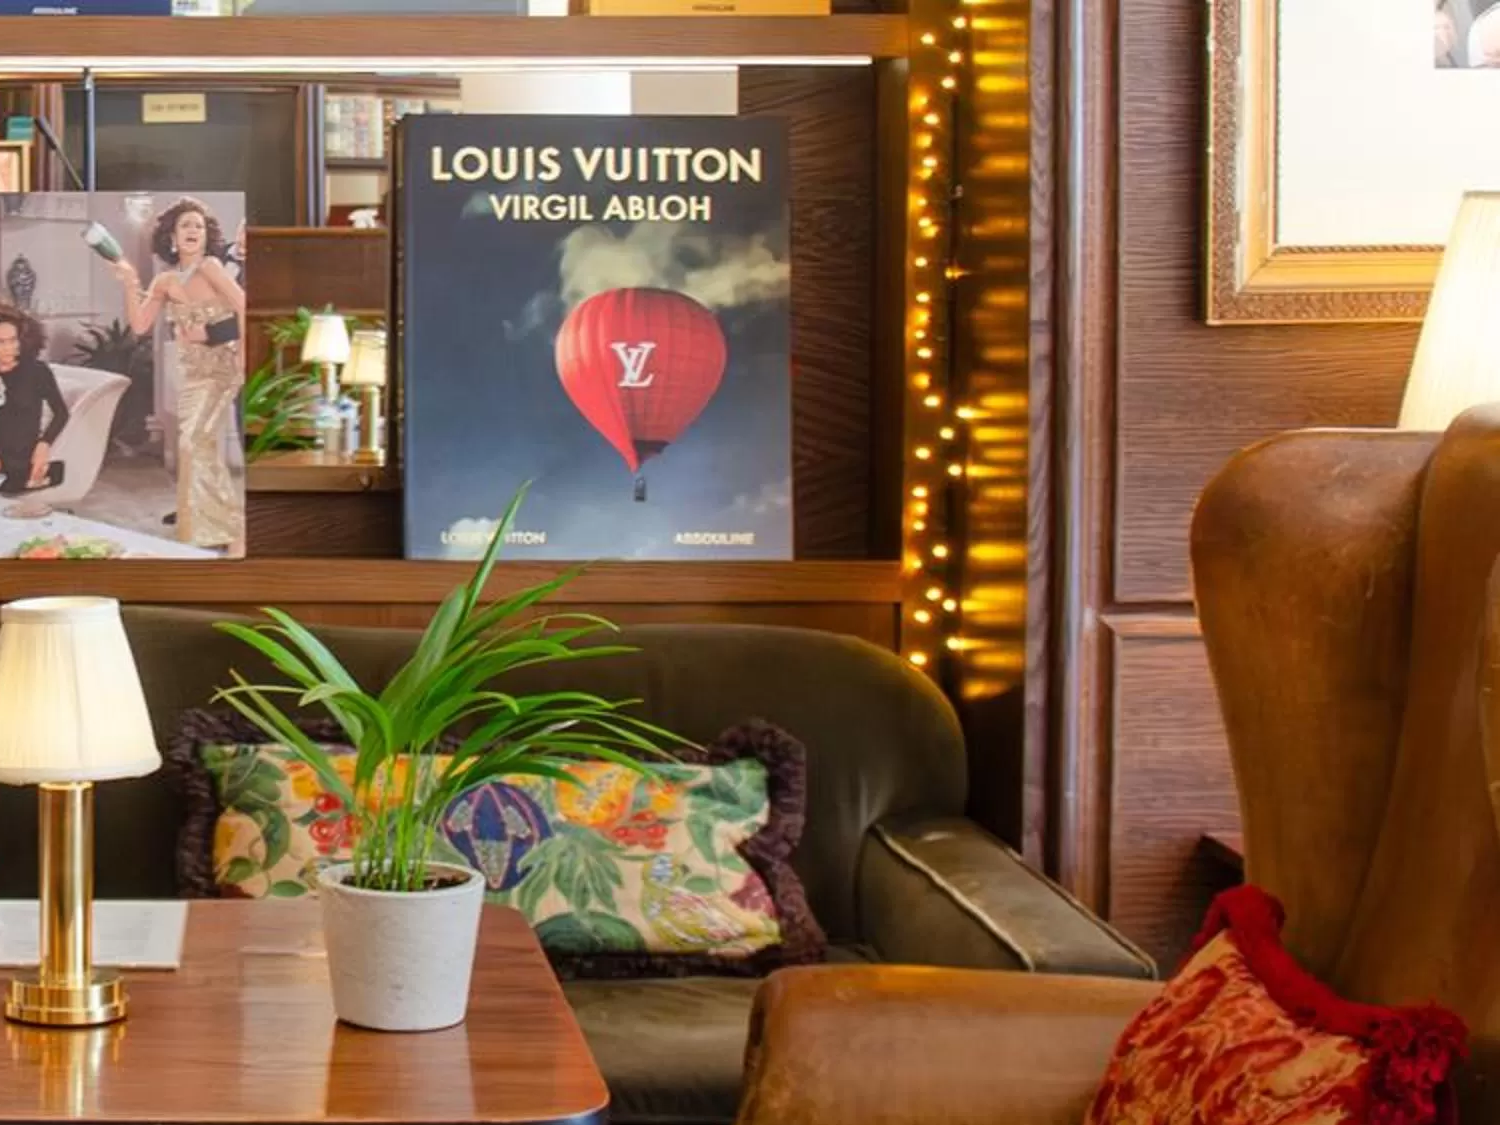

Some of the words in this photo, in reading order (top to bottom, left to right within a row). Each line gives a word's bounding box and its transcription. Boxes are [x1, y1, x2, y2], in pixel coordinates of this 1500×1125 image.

[431, 145, 562, 181] LOUIS
[572, 146, 763, 182] VUITTON
[489, 195, 593, 221] VIRGIL
[602, 195, 712, 221] ABLOH
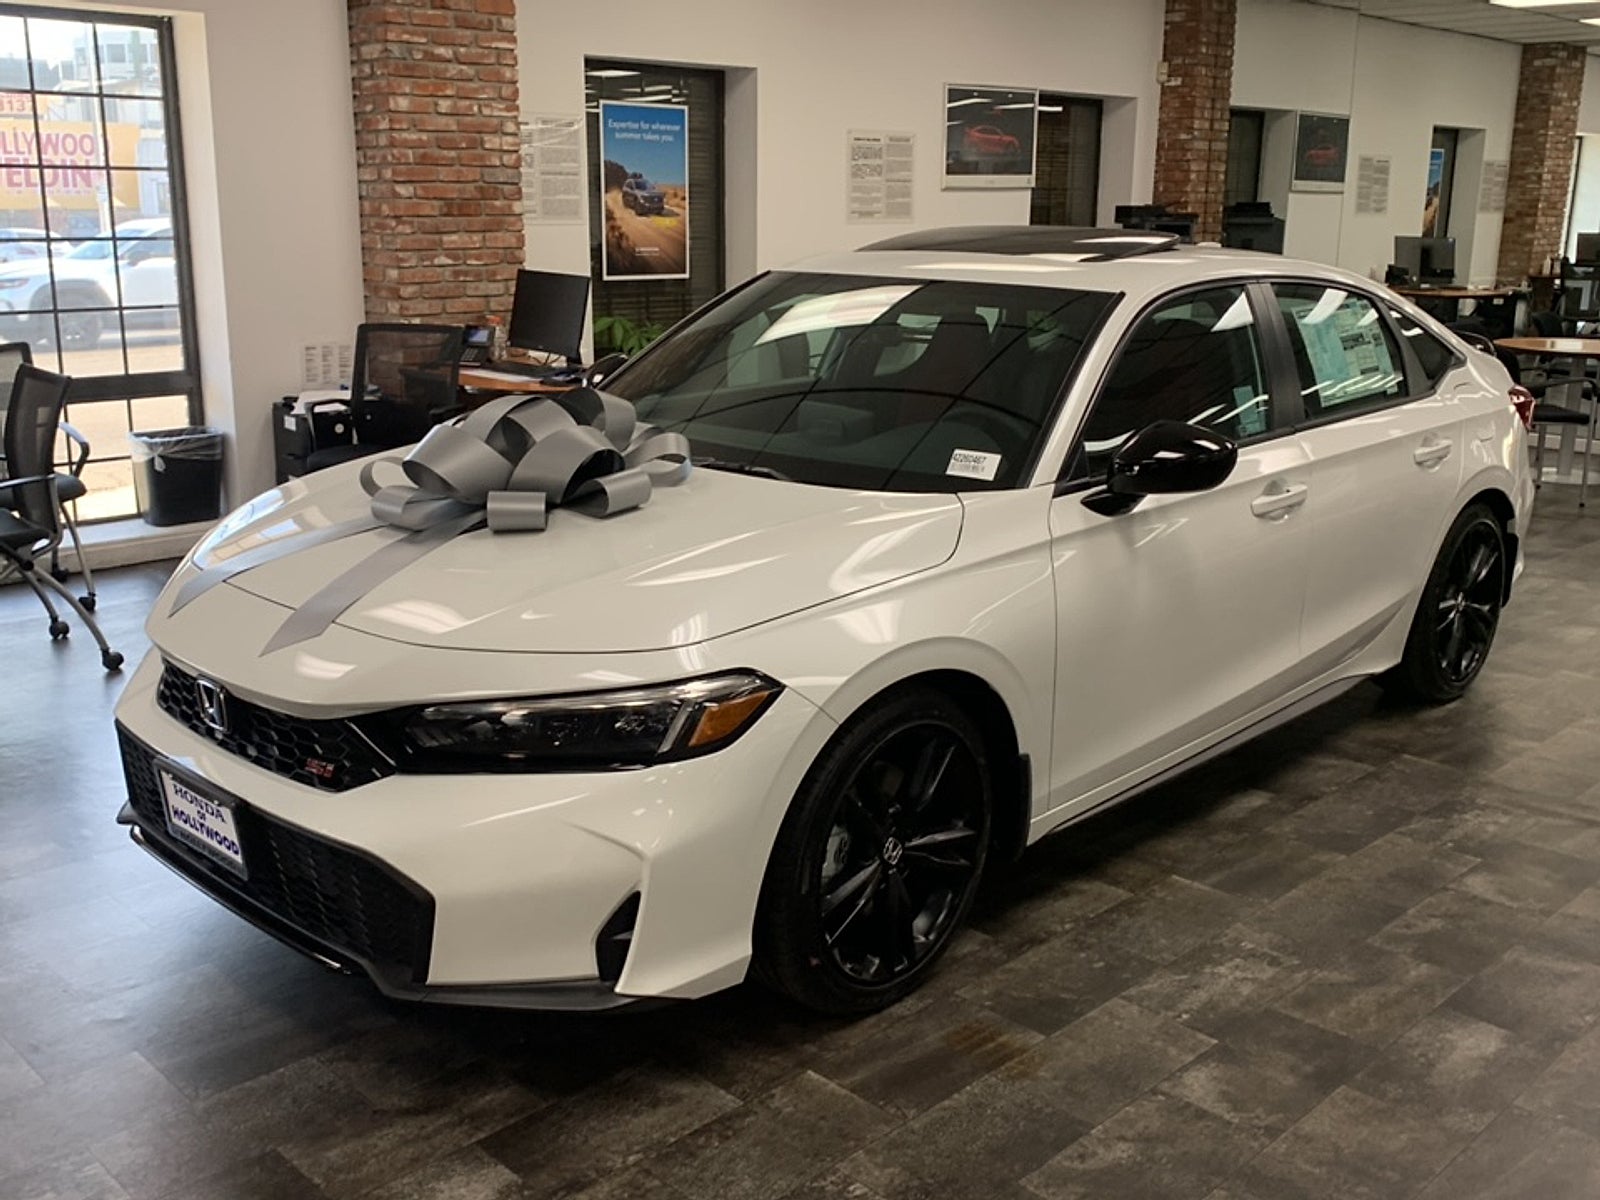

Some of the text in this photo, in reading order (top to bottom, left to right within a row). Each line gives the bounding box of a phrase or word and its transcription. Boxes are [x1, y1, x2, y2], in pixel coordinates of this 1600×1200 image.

[608, 118, 680, 131] Expertise for wherever
[642, 131, 659, 140] takes
[0, 131, 96, 156] LLYWOO
[0, 157, 98, 188] ELDIN
[172, 783, 227, 824] HONDA
[172, 805, 240, 855] HOLLYWOOD

+--

The problem
Since only the text is wanted, repeat all the records above exactly and omit the pictures.

Answer for this exercise
Some of the words in this photo, in reading order (top to bottom, left to right within a row). Each line gives a word's bounding box and its transcription. Boxes are [x1, y1, x2, y2], in pixel coordinates of this 1500×1125 image.

[431, 145, 562, 181] LOUIS
[572, 146, 763, 182] VUITTON
[489, 195, 593, 221] VIRGIL
[602, 195, 712, 221] ABLOH

Some of the text in this photo, in reading order (top to bottom, left to right within a row). Each line gives the bounding box of a phrase or word and its transcription. Boxes are [x1, y1, x2, y2], in pixel coordinates of this 1600×1200 image.

[608, 118, 680, 131] Expertise for wherever
[642, 131, 659, 140] takes
[0, 131, 96, 156] LLYWOO
[0, 157, 98, 188] ELDIN
[172, 783, 227, 824] HONDA
[172, 805, 240, 855] HOLLYWOOD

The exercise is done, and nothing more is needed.